The Wedding-Industrial Complex Has a New Moneymaker: Marijuana

The Wedding-Industrial Complex Has a New Moneymaker: Marijuana

From bud bouquets to cannabis open bars, legal weed is now a part of weddings.

 You may now toke with the bride.

The legalization of recreational marijuana in a handful of states opened the doors to all sorts of cannabis-laden commerce, from dinner service to vacation packages. It was inevitable that weddings, among the most expensive purchase an adult will ever make, would find a way to introduce weed into nuptials, receptions, and party favors.

Specialists have launched entire businesses to meet this new wedding-weed demand. In Colorado, where recreational marijuana has been legally sold since 2014, Bec Koop operates cannabis-friendly Irie Wedding & Events and is one of the founders of the Cannabis Wedding Expo, an event where brides and grooms can meet marijuana vendors. Koop offers a litany of wedding services: day-of coordination, overall planning, floral arrangements, cannabis open bars. She also offers consulting services for venues looking to bring in cannabis-inclusive events.

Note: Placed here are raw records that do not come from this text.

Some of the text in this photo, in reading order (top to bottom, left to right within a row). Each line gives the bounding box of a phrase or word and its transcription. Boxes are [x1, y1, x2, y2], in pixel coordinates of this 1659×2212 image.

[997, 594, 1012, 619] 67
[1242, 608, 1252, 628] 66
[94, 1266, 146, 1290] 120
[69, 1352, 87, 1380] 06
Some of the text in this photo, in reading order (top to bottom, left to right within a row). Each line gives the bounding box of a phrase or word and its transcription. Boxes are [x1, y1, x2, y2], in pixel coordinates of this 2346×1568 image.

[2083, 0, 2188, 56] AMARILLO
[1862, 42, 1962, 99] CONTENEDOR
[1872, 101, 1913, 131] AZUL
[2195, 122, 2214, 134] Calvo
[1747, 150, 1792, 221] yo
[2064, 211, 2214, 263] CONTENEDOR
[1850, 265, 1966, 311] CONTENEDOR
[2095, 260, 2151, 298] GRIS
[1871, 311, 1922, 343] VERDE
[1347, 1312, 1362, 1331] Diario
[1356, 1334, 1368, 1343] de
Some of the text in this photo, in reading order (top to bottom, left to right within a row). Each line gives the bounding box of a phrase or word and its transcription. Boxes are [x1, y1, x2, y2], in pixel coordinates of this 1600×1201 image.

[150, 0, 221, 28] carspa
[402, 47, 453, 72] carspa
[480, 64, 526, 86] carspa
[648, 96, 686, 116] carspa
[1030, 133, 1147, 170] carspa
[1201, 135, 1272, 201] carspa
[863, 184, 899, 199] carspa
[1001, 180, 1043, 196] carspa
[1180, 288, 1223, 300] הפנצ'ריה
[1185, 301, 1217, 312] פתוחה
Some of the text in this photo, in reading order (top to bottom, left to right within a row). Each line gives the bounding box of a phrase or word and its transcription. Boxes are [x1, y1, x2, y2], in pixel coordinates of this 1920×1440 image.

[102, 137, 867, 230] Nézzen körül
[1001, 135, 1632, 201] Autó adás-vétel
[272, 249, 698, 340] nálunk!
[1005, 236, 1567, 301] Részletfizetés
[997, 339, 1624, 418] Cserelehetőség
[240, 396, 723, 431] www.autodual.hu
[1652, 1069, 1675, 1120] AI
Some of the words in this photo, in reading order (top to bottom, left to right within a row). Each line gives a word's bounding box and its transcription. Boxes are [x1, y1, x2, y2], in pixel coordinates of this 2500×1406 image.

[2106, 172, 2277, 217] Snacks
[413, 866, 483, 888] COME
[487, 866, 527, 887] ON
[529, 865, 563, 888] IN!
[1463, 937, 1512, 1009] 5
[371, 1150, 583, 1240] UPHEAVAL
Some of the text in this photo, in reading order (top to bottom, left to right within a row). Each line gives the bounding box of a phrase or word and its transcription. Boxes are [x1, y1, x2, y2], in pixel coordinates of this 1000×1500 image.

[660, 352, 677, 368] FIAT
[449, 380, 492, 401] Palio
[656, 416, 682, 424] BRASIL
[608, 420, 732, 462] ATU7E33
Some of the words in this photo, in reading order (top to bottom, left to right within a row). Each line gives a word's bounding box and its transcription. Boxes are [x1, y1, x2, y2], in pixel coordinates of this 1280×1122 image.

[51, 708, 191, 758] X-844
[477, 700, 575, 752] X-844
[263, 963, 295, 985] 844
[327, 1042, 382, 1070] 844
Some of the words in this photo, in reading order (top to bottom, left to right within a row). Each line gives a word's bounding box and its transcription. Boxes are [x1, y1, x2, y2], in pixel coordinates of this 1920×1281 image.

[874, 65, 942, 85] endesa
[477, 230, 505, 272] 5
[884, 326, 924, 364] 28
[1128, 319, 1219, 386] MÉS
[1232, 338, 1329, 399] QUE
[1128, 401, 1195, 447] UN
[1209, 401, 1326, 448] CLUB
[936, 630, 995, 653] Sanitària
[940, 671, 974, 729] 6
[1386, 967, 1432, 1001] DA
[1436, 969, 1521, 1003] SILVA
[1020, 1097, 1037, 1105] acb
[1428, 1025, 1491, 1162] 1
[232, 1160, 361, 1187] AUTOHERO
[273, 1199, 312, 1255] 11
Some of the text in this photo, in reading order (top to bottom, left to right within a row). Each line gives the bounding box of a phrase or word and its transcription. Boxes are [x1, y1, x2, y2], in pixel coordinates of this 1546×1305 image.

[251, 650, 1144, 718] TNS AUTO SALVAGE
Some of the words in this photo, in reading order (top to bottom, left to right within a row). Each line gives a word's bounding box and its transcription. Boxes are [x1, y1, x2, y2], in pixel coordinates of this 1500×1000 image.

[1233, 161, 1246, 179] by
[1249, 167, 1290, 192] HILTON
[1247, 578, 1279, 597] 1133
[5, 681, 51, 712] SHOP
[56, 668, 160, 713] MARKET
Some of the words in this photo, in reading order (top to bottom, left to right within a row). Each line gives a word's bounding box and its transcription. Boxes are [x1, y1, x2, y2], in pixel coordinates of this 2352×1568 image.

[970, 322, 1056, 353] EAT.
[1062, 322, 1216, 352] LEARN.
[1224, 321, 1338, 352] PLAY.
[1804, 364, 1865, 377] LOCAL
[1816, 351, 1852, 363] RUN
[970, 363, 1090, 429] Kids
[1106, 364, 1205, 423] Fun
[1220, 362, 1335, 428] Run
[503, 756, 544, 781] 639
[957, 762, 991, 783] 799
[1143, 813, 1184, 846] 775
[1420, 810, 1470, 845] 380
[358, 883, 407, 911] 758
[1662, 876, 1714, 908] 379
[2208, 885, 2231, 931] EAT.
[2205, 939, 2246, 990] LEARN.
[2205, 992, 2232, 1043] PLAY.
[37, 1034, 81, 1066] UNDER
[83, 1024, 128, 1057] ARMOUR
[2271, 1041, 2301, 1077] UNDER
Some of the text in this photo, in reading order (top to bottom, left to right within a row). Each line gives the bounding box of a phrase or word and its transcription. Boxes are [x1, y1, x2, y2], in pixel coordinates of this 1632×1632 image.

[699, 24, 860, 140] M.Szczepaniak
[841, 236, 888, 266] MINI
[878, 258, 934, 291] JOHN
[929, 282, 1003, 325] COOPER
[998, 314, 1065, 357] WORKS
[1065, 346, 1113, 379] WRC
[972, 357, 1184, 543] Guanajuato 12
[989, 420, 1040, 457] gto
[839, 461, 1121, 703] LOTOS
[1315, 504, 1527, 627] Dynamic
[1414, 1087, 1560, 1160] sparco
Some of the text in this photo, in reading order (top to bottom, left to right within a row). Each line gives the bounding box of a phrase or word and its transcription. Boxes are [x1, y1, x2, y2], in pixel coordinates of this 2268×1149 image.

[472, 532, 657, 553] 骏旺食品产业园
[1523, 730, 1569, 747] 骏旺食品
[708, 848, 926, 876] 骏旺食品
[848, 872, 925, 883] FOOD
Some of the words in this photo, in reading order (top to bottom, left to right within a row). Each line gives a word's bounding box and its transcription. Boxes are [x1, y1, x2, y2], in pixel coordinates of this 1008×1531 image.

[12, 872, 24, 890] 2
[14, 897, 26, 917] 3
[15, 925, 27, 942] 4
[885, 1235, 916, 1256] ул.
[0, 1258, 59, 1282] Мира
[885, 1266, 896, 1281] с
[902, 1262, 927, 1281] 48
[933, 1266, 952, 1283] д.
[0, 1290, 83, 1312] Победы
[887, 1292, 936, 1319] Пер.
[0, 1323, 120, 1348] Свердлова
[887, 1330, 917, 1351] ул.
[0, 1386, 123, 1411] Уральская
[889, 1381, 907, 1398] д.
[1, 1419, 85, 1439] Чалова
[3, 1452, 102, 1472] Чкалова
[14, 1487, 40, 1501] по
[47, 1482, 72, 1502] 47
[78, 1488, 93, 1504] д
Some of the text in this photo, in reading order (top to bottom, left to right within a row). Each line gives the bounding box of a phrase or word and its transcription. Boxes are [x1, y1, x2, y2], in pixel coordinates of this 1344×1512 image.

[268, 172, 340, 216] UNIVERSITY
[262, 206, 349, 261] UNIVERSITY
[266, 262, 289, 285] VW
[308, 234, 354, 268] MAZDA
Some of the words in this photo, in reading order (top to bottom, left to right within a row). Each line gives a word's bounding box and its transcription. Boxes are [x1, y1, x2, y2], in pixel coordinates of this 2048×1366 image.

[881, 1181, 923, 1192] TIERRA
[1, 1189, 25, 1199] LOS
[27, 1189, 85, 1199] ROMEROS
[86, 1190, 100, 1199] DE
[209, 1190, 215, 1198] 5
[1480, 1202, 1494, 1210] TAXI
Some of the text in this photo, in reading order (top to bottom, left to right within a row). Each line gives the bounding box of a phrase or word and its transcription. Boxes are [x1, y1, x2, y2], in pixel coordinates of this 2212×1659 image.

Prior to the legalization of marijuana, Koop worked in hospitality, including conventional catering and florals. Now her offerings range from the full-service $3,000 O.G. Kush plan—everything from day-off coordination to vendor bookings—to a scaled-back $420 elopement plan in which Irie finds the officiant, books a photographer, and makes a dinner reservation for the couple.  A marijuana-knowledgeable wedding coordinator, called a Best Bud, costs between $50 and $100 an hour for day-of-event help. 

Koop did five weddings in her first full year in business, then about twice as many in her second year. Now she expects she will have booked nearly two dozen by the end of 2017. “We have people who are already outreaching to us for 2020,” she says. “A lot of foresight coming from these so-called lazy stoners.”

The early days of legal marijuana proved difficult, Koop says, since only 10 percent of venues would even consider cannabis-related weddings. Now she says nearly a third will accommodate pot, and locations regularly call Koop to be placed on her preferred vendors list. 

Serving marijuana at a wedding reception isn’t altogether different from offering alcoholic drinks. “It’s actually cheaper than liquor,” says Adrian Sedlin, chief executive officer of Canndescent, a California grower that has put on bud bars for weddings. “There’s a lot more buzz for the buck in cannabis than in alcohol.” For a 100-person wedding, Cultivating Spirits offers a bud bar for $300 for a minimum of two hours, with an additional $100 per hour beyond that. A typical bud bar might include prerolled joints, vaporizers, and glass pipes. Some couples choose to add bongs, edibles, and cannabis cocktails to the mix.